Metaphors are sneaky little buggers. True, they might help you get your point across more clearly and vividly and are particularly suited to become part of intellectual world history - few people are unaware that capital lives a "vampire like" existence, that religion is the "opium of the people", that capitalism encloses us in an "iron casing" etc. Of course there are those instances of metaphors gone terribly wrong, like the one about the "base" and "superstructure" which has caused terrible misunderstandings, but there is another way metaphors can, like Frankenstein's "monster", develop a life of their own and take vengeance on their creator. One such unruly metaphor is Plato's cave. Plato meant to illustrate his theory of the double realms (ideas and phenomena), but ended up showing that his theory is logically inconsistent. The main problem of his conceptualization is (as Aristotle showed in his Metaphysics) that it does not show how these two fundamentally distinct realms, the realm of ideas and the realm of phenomena, can have anything in common, how ideas can spawn phenomena as their imperfect images. Even before Aristotle answered that they can not, at least if we understand them as independent spheres, Plato's cave showed the flaws of such conceptualization. In the story Plato describes people in a cave, chained so they can move neither their bodies nor their heads.
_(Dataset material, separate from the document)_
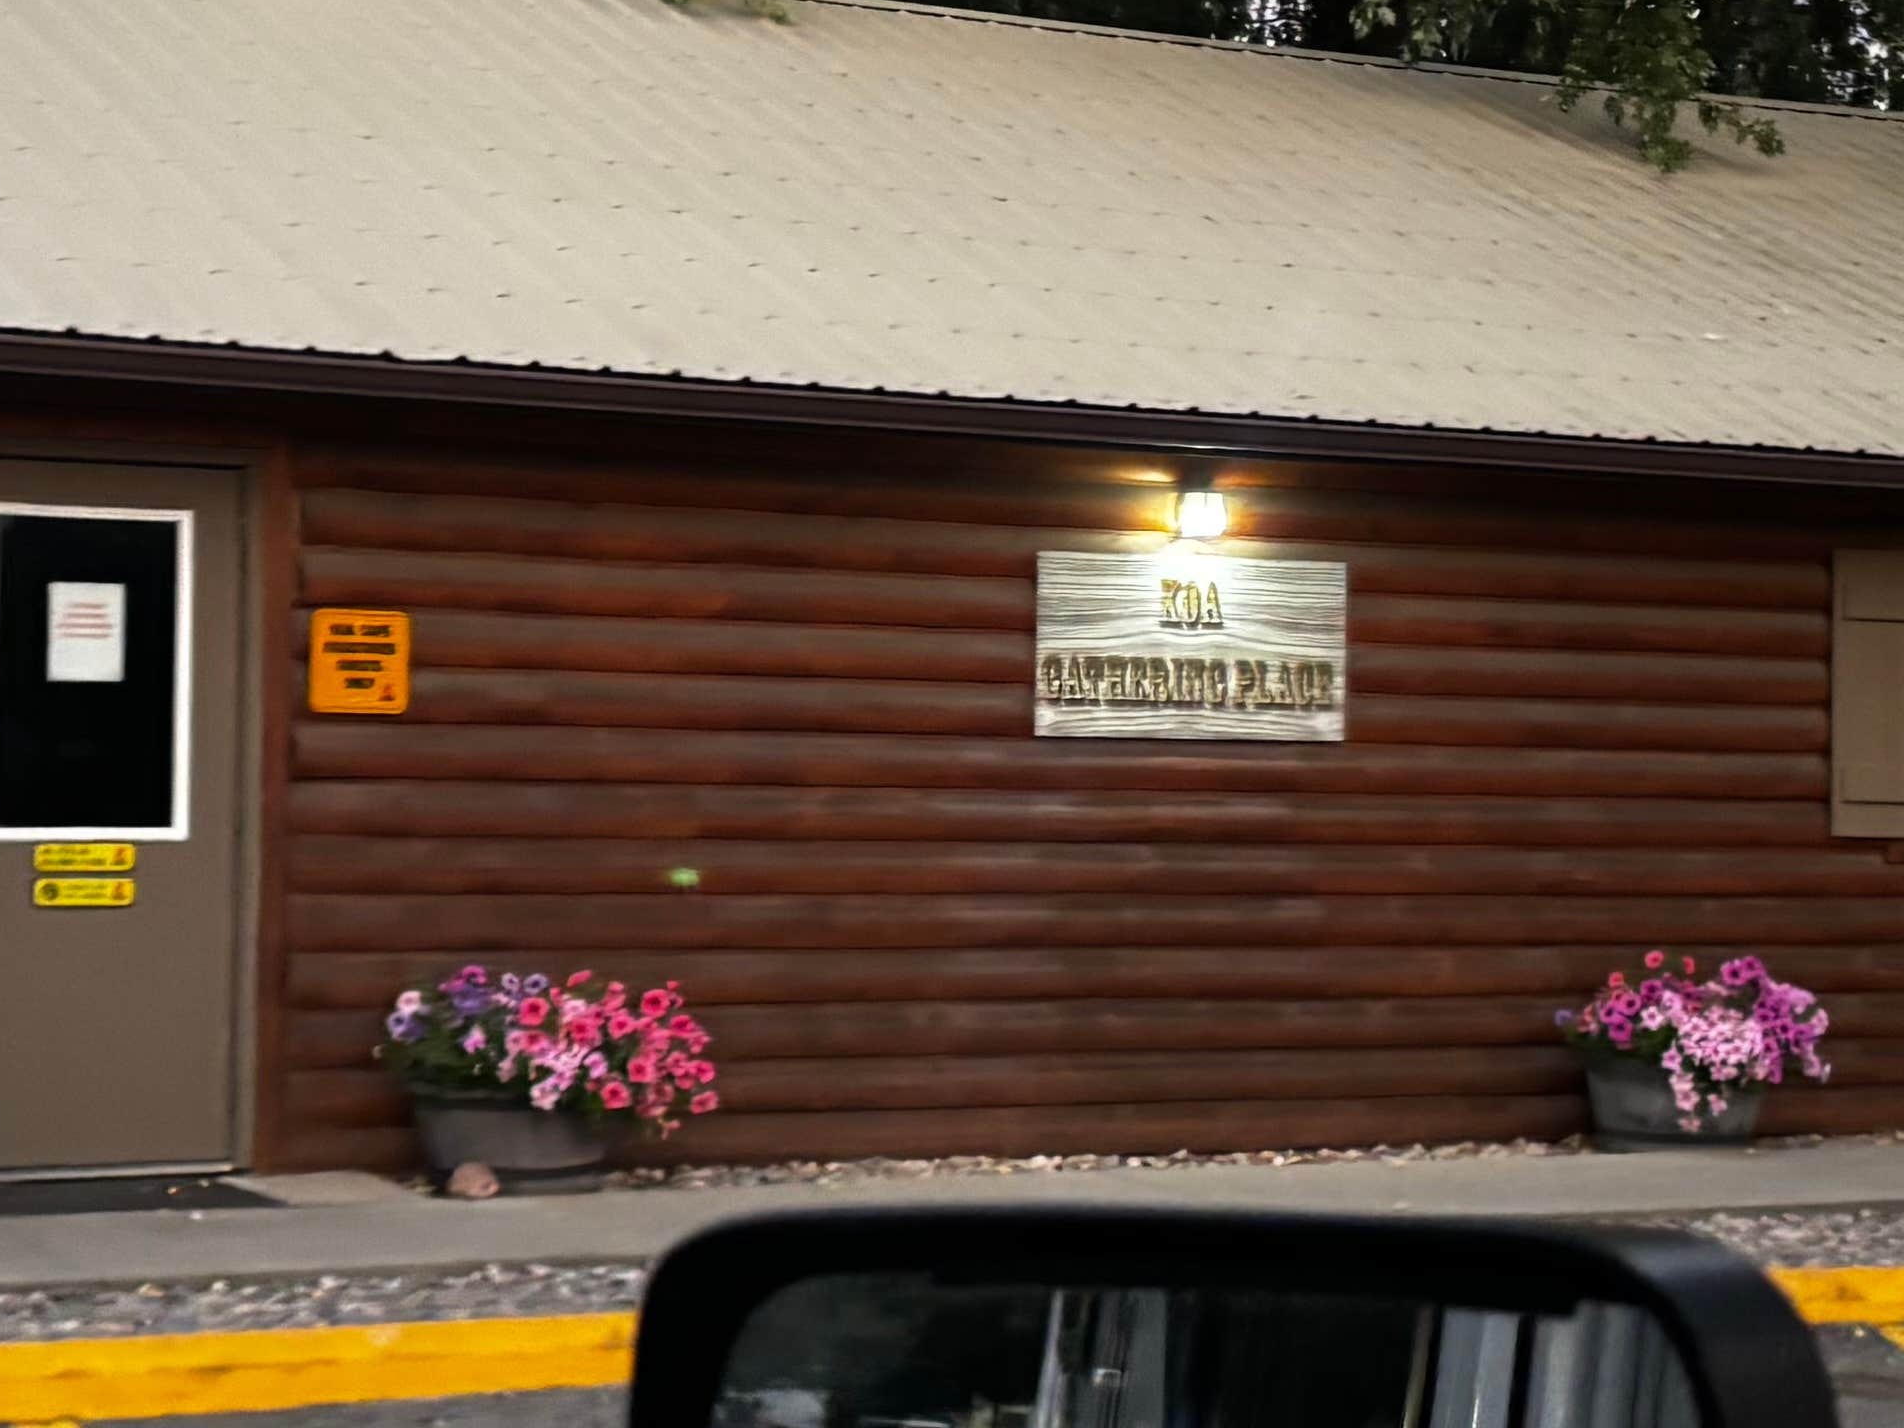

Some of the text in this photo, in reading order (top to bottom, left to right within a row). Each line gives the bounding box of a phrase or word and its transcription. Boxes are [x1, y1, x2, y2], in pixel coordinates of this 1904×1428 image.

[1160, 579, 1224, 627] KOA
[1041, 655, 1335, 706] GATHERING PLACE
Behind these people there is a fire and in front of the fire figures are carried to and fro. The imprisoned know nothing of this, but see only shadows of objects being thrown on a wall in the cave. Since they can not see the origins of the shadows, they mistake them for the figures themselves. Ah! but you will notice that all of a sudden we are confronted not with two - as Plato would have us believe - but with three spheres: that of shadows (phenomena), that of figures (ideas) and that of light. The latter has no equivalent in Plato's philosophy, indeed even Aristotle's solution to the problem of incommensurability does not solve it with recourse to the mysterious third element. The metaphor of the cave was centuries before its time, a true prophesy of things to come: it was only Kant who discovered that the subject is the source of light that is joining phenomena and nuomena.